A Volkswagen oferece duas respostas radicalmente distintas para quem busca um SUV médio. Na faixa de R$ 299.990, uma segue o caminho tradicional, combinando motor a combustão turbinado com tração nas quatro rodas; a outra dispensa o motor a combustão e funciona só com energia elétrica.
O Tiguan aposta em um propulsor 2.0 sobrealimentado que rende 272 cv, aliado ao sistema de tração integral 4Motion. Já o ID.4 conta com motor elétrico de 286 cv e consegue rodar até 389 km com uma carga, de acordo com dados do Inmetro. Apesar de custarem o mesmo e disputarem o mesmo segmento, os dois entregam propostas de condução bastante distintas.
As diferenças vão muito além do tipo de motor: cada SUV segue uma filosofia própria de desempenho, consumo e dirigibilidade, o que muda a experiência ao volante.
Tiguan: motor turbo potente com tração nas quatro rodas
O Tiguan chega em configuração única com o motor EA888 Evo5, descrito como o mais potente já equipado em um Tiguan no Brasil.
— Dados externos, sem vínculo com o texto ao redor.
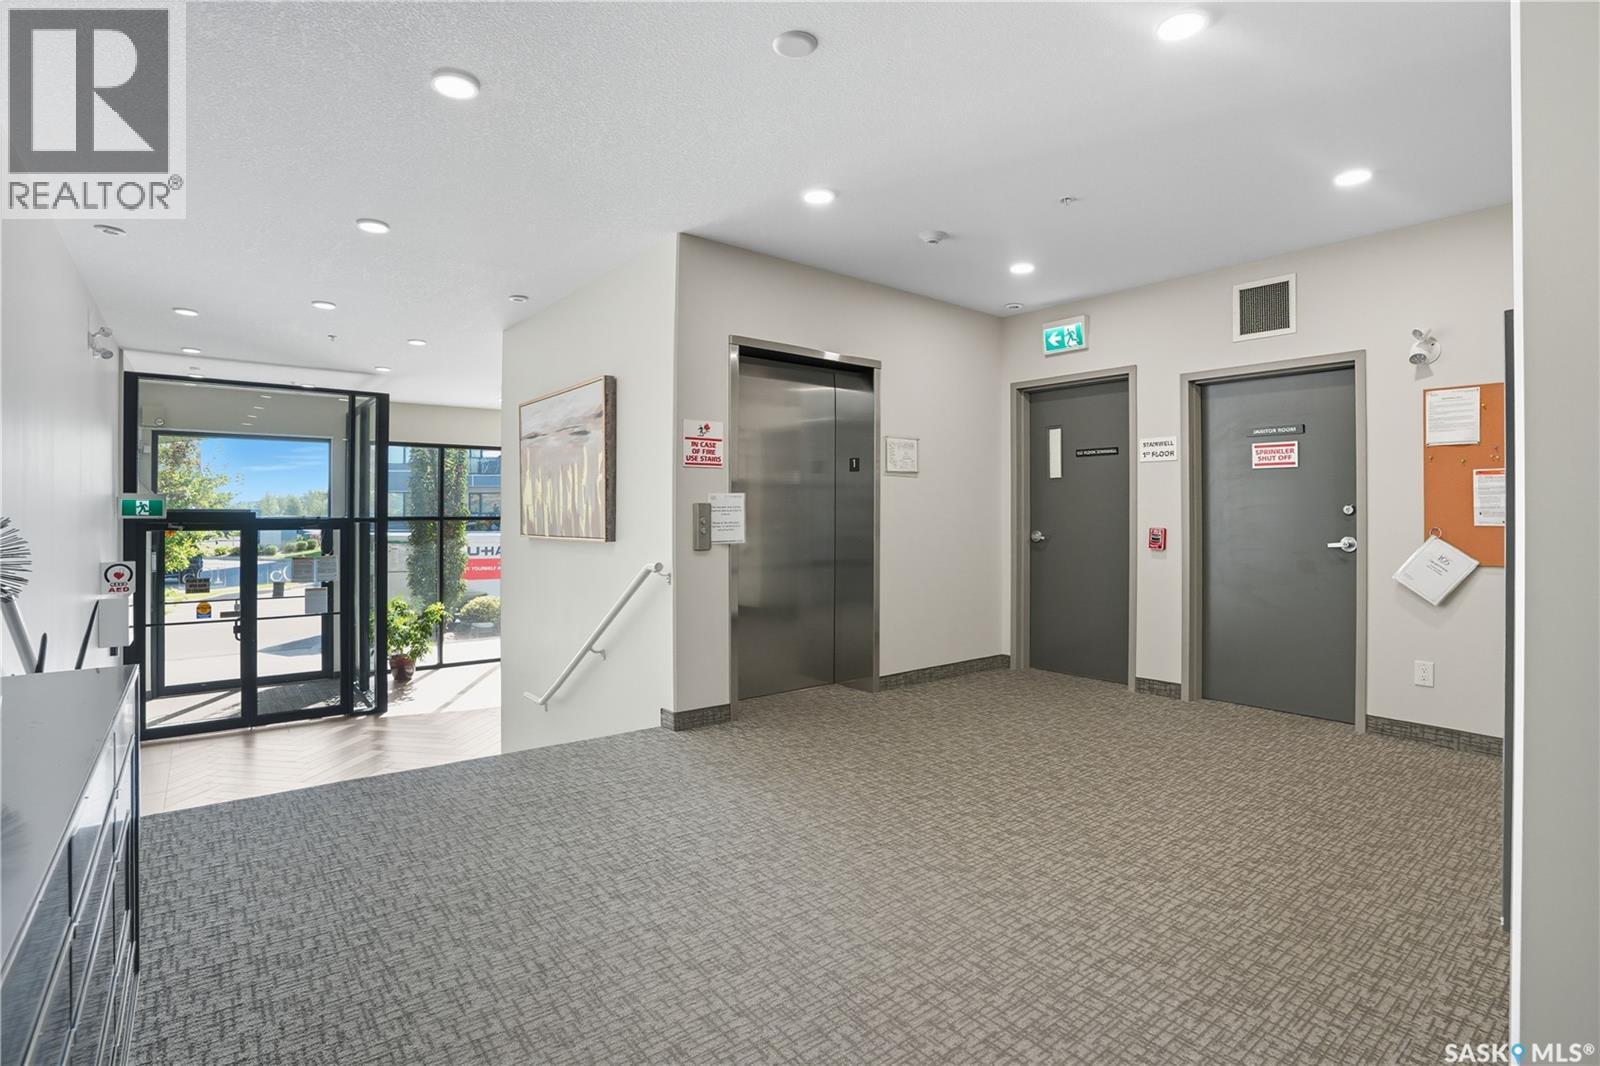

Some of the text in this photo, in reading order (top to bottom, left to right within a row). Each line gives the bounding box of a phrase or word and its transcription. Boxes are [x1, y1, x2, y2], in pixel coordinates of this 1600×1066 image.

[700, 441, 716, 449] CASE
[1142, 440, 1175, 448] STAIRWELL
[1151, 450, 1175, 458] FLOOR
[1255, 447, 1295, 456] SPRINKLER
[700, 455, 722, 463] STAIRS
[1257, 454, 1276, 462] SHUT
O 2.0 TSI a gasolina desenvolve 272 cv e 35,7 kgfm de torque e trabalha com transmissão automática de oito marchas e tração integral 4Motion. A suspensão traseira multilink e as rodas de 19 polegadas completam o pacote de desempenho. A proposta combina aceleração e dirigibilidade, com respostas rápidas ao volante sem abandonar o conforto de viagem.
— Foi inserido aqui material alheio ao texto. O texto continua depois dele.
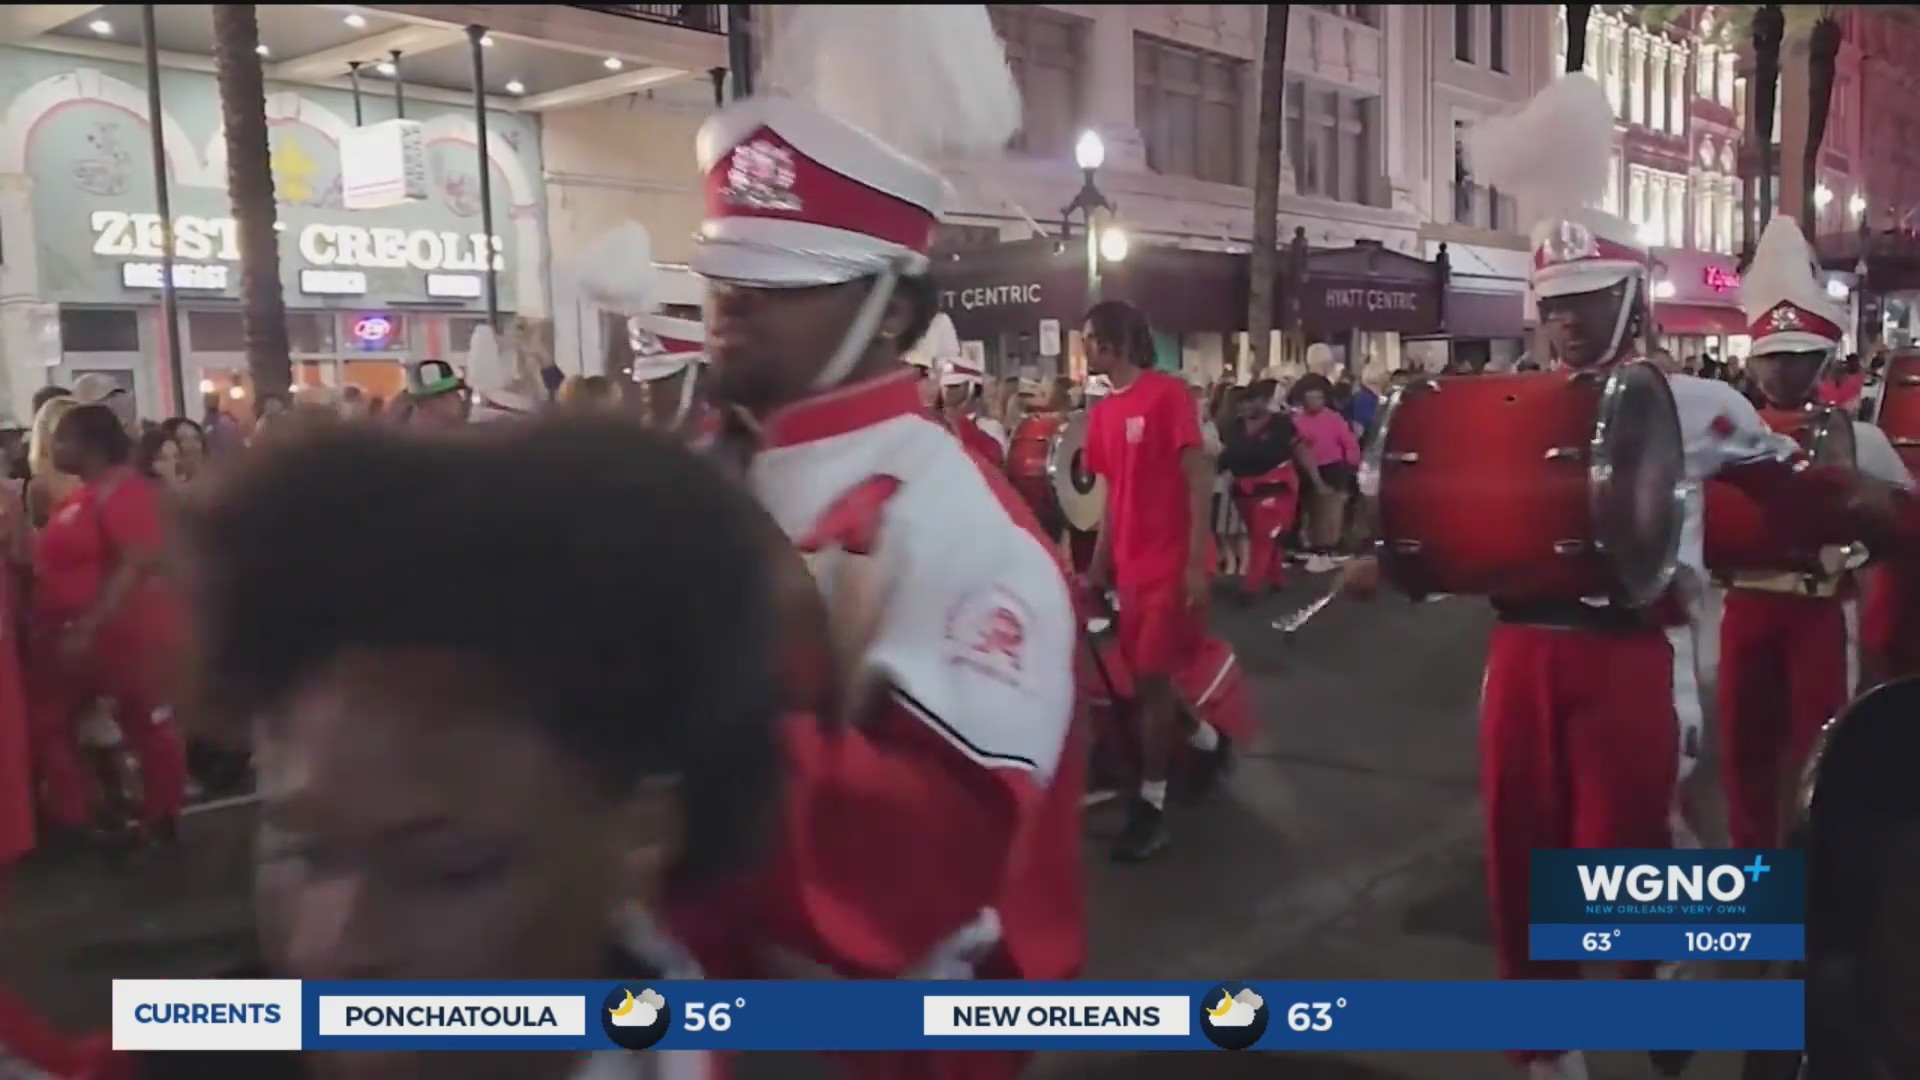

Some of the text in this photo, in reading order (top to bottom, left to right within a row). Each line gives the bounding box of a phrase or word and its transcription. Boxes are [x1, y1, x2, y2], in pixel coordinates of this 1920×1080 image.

[91, 211, 505, 271] ZEST CREOLE
[960, 283, 1042, 310] CENTRIC
[1326, 288, 1417, 311] HYATT CENTRIC
Esse equilíbrio afeta o consumo de combustível: segundo o Inmetro, o Tiguan marca 8,9 km/l na cidade e 12,1 km/l na estrada. Na assistência à condução, os dois têm Travel Assist e faróis IQ.Light Matrix. O Tiguan também traz controle de cruzeiro adaptativo, monitoramento de ponto cego e Park Assist Plus. O ID.4, por sua vez, reúne alerta de ponto cego, frenagem autônoma de emergência, aviso de tráfego cruzado na traseira e função de estacionamento remoto.
ID.4: reação elétrica instantânea e zero emissões
O ID.4 segue lógica totalmente distinta, com motor elétrico posicionado no eixo traseiro entregando 286 cv e 55,6 kgfm de torque. A bateria de 84 kWh oferece autonomia de 389 km, conforme o Inmetro. O diferencial está na entrega de força: o torque instantâneo do motor elétrico garante aceleração rápida na saída do semáforo e nas retomadas de velocidade.
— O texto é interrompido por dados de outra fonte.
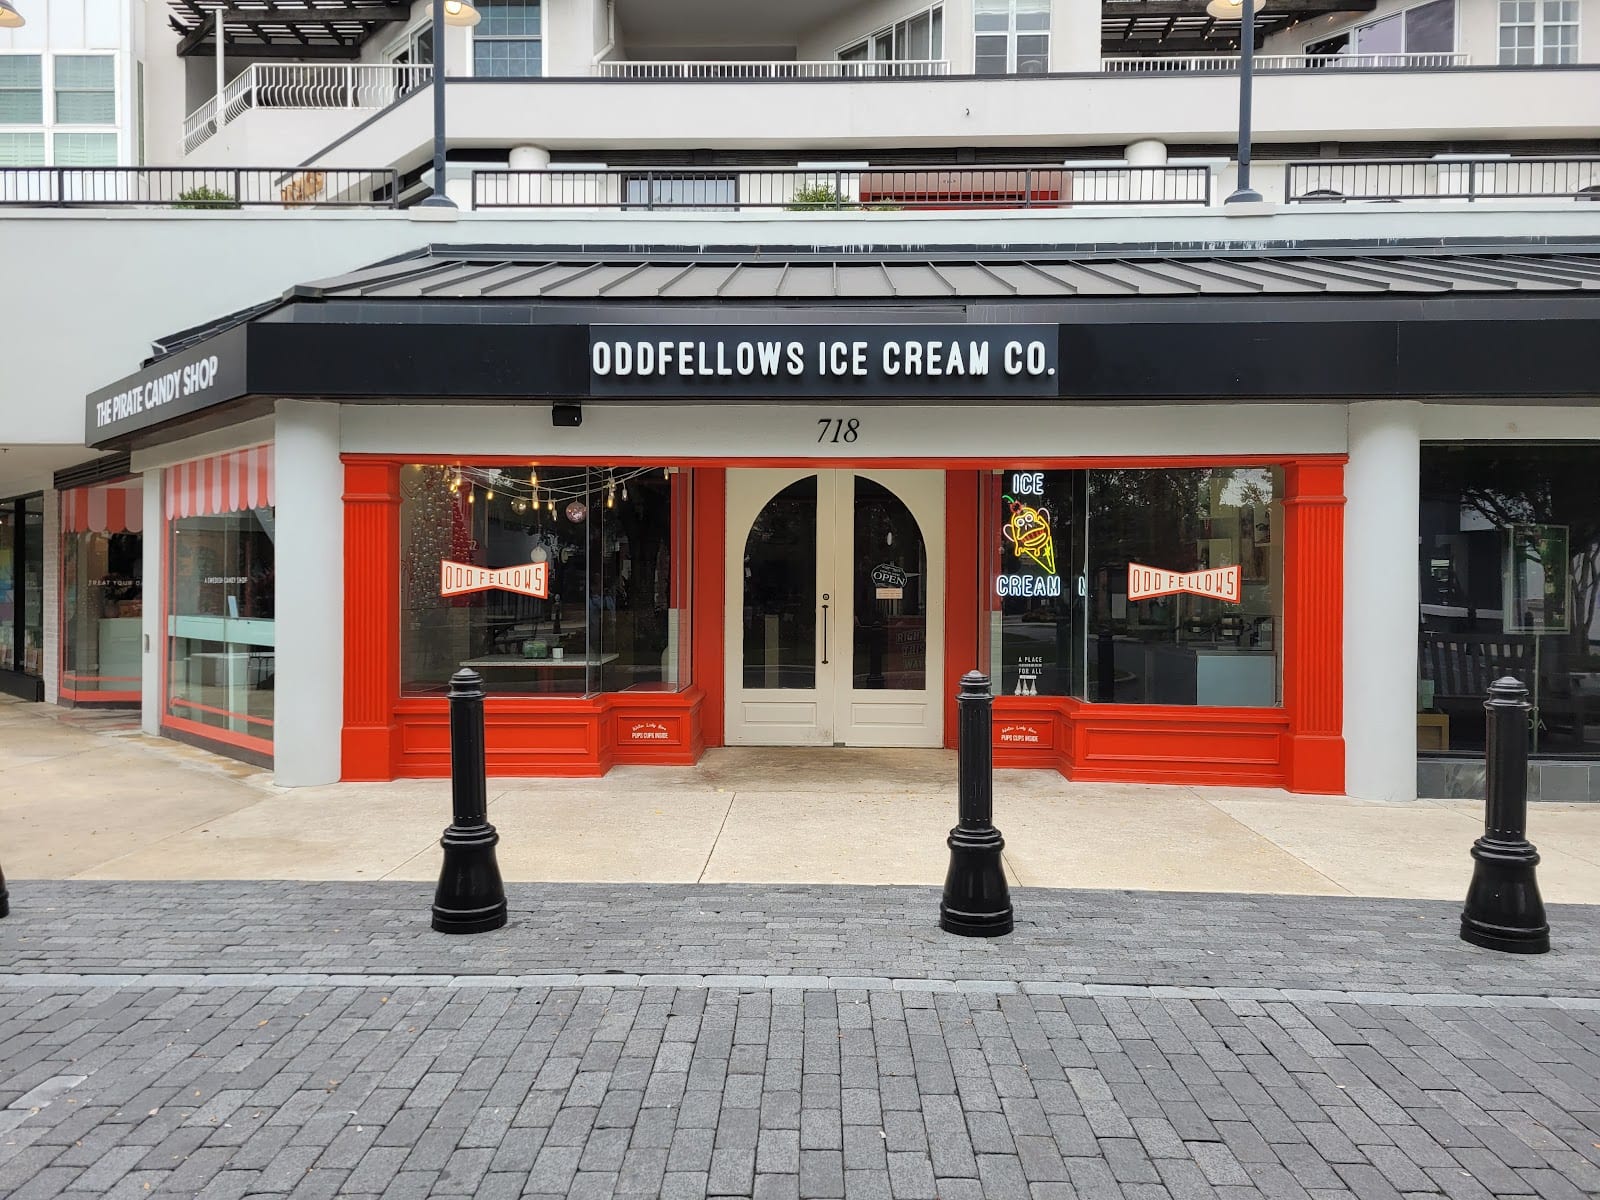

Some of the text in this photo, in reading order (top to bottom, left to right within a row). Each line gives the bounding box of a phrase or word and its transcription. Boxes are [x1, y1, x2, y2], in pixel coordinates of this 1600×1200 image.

[592, 341, 1056, 375] ODDFELLOWS ICE CREAM CO.
[96, 355, 218, 427] THE PIRATE CANDY SHOP
[817, 418, 860, 443] 718
[1012, 472, 1045, 495] ICE
[445, 565, 542, 592] ODD FELLOWS
[873, 571, 906, 587] OPEN
[996, 575, 1061, 597] CREAM
[1133, 569, 1234, 596] ODD FELLOWS
A operação também é diferente: sem marchas convencionais, o ID.4 depende de recarga elétrica. Em corrente alternada, aceita até 11 kW de potência; em corrente contínua, chega a 185 kW. Carregadores rápidos conseguem levar a bateria a 80% em cerca de 25 minutos, em condições ideais.
O design abandona a grade convencional — já que não existe motor a combustão — apresentando linhas mais limpas, arredondadas e aerodinâmicas com teto que desce suavemente em direção à traseira.
Dimensões, espaço interno e acabamento
O Tiguan é fisicamente maior, medindo 4,69 m de comprimento contra 4,58 m do ID.4. O entre-eixos é praticamente idêntico: 2,79 m no Tiguan e 2,77 m no elétrico, o que oferece espaço interior bem próximo. No porta-malas, o ID.4 leva vantagem, com 533 litros, 110 litros a mais que o Tiguan. O modelo também tem assoalho plano na segunda fileira, o que facilita a acomodação dos passageiros.
Dentro da cabine, o Tiguan traz central multimídia com tela de 15 polegadas e quadro de instrumentos digital de 10,25 polegadas. O ID.4 tem central de 15,6 polegadas, mas adota painel digital de 5,3 polegadas fixado diretamente na coluna de direção. Os dois contam com ar-condicionado de três zonas e bancos dianteiros com ajustes elétricos, aquecimento e massagem.
O ID.4 adiciona ventilação nos bancos dianteiros, e ambos têm teto solar panorâmico. O Tiguan mantém visual mais quadrado e vertical nas portas e coluna traseira, enquanto o ID.4 projeta proporções mais arredondadas e integradas ao design geral.
A escolha depende do que o motorista valoriza
A decisão entre um e outro depende do tipo de uso e das preferências do motorista. Para quem valoriza a resposta clássica do motor turbo e o reabastecimento rápido em qualquer posto de gasolina, sem preocupação com infraestrutura de carregamento, o Tiguan é a melhor opção.
Para quem prioriza a reação instantânea do motor elétrico, a autonomia de 389 quilômetros, as zero emissões e o custo operacional mais baixo, o ID.4 é a escolha mais adequada. Apesar do preço idêntico, cada modelo entrega uma vivência própria ao motorista no dia a dia.